[Free-text object descriptions]
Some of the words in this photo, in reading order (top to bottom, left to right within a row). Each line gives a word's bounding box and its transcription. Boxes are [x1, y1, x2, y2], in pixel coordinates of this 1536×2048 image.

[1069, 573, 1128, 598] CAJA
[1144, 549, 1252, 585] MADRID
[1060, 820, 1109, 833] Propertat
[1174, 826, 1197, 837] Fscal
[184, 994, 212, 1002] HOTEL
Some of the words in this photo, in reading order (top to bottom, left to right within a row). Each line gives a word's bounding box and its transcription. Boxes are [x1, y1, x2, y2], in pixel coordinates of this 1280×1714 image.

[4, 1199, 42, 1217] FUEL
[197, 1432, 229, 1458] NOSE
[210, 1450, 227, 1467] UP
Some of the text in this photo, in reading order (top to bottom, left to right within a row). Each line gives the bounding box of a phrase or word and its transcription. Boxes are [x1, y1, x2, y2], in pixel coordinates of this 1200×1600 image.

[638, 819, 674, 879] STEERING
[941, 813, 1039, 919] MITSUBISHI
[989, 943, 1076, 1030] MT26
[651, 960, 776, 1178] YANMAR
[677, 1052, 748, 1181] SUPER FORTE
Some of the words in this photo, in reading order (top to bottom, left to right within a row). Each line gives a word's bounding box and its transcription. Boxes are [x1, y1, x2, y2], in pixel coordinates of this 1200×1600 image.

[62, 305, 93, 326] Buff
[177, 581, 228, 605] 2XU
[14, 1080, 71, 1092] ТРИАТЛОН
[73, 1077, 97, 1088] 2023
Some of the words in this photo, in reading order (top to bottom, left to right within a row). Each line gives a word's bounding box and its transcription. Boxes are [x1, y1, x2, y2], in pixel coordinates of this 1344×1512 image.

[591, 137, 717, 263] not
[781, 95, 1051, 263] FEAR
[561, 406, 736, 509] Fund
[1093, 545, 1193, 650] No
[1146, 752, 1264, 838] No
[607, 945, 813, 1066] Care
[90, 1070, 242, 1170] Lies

Your assignment » For this exercise, output the entries above exactly as written.

Solution »
Some of the words in this photo, in reading order (top to bottom, left to right within a row). Each line gives a word's bounding box and its transcription. Boxes are [x1, y1, x2, y2], in pixel coordinates of this 1536×2048 image.

[1069, 573, 1128, 598] CAJA
[1144, 549, 1252, 585] MADRID
[1060, 820, 1109, 833] Propertat
[1174, 826, 1197, 837] Fscal
[184, 994, 212, 1002] HOTEL
Some of the words in this photo, in reading order (top to bottom, left to right within a row). Each line gives a word's bounding box and its transcription. Boxes are [x1, y1, x2, y2], in pixel coordinates of this 1280×1714 image.

[4, 1199, 42, 1217] FUEL
[197, 1432, 229, 1458] NOSE
[210, 1450, 227, 1467] UP
Some of the text in this photo, in reading order (top to bottom, left to right within a row). Each line gives the bounding box of a phrase or word and its transcription. Boxes are [x1, y1, x2, y2], in pixel coordinates of this 1200×1600 image.

[638, 819, 674, 879] STEERING
[941, 813, 1039, 919] MITSUBISHI
[989, 943, 1076, 1030] MT26
[651, 960, 776, 1178] YANMAR
[677, 1052, 748, 1181] SUPER FORTE
Some of the words in this photo, in reading order (top to bottom, left to right within a row). Each line gives a word's bounding box and its transcription. Boxes are [x1, y1, x2, y2], in pixel coordinates of this 1200×1600 image.

[62, 305, 93, 326] Buff
[177, 581, 228, 605] 2XU
[14, 1080, 71, 1092] ТРИАТЛОН
[73, 1077, 97, 1088] 2023
Some of the words in this photo, in reading order (top to bottom, left to right within a row). Each line gives a word's bounding box and its transcription. Boxes are [x1, y1, x2, y2], in pixel coordinates of this 1344×1512 image.

[591, 137, 717, 263] not
[781, 95, 1051, 263] FEAR
[561, 406, 736, 509] Fund
[1093, 545, 1193, 650] No
[1146, 752, 1264, 838] No
[607, 945, 813, 1066] Care
[90, 1070, 242, 1170] Lies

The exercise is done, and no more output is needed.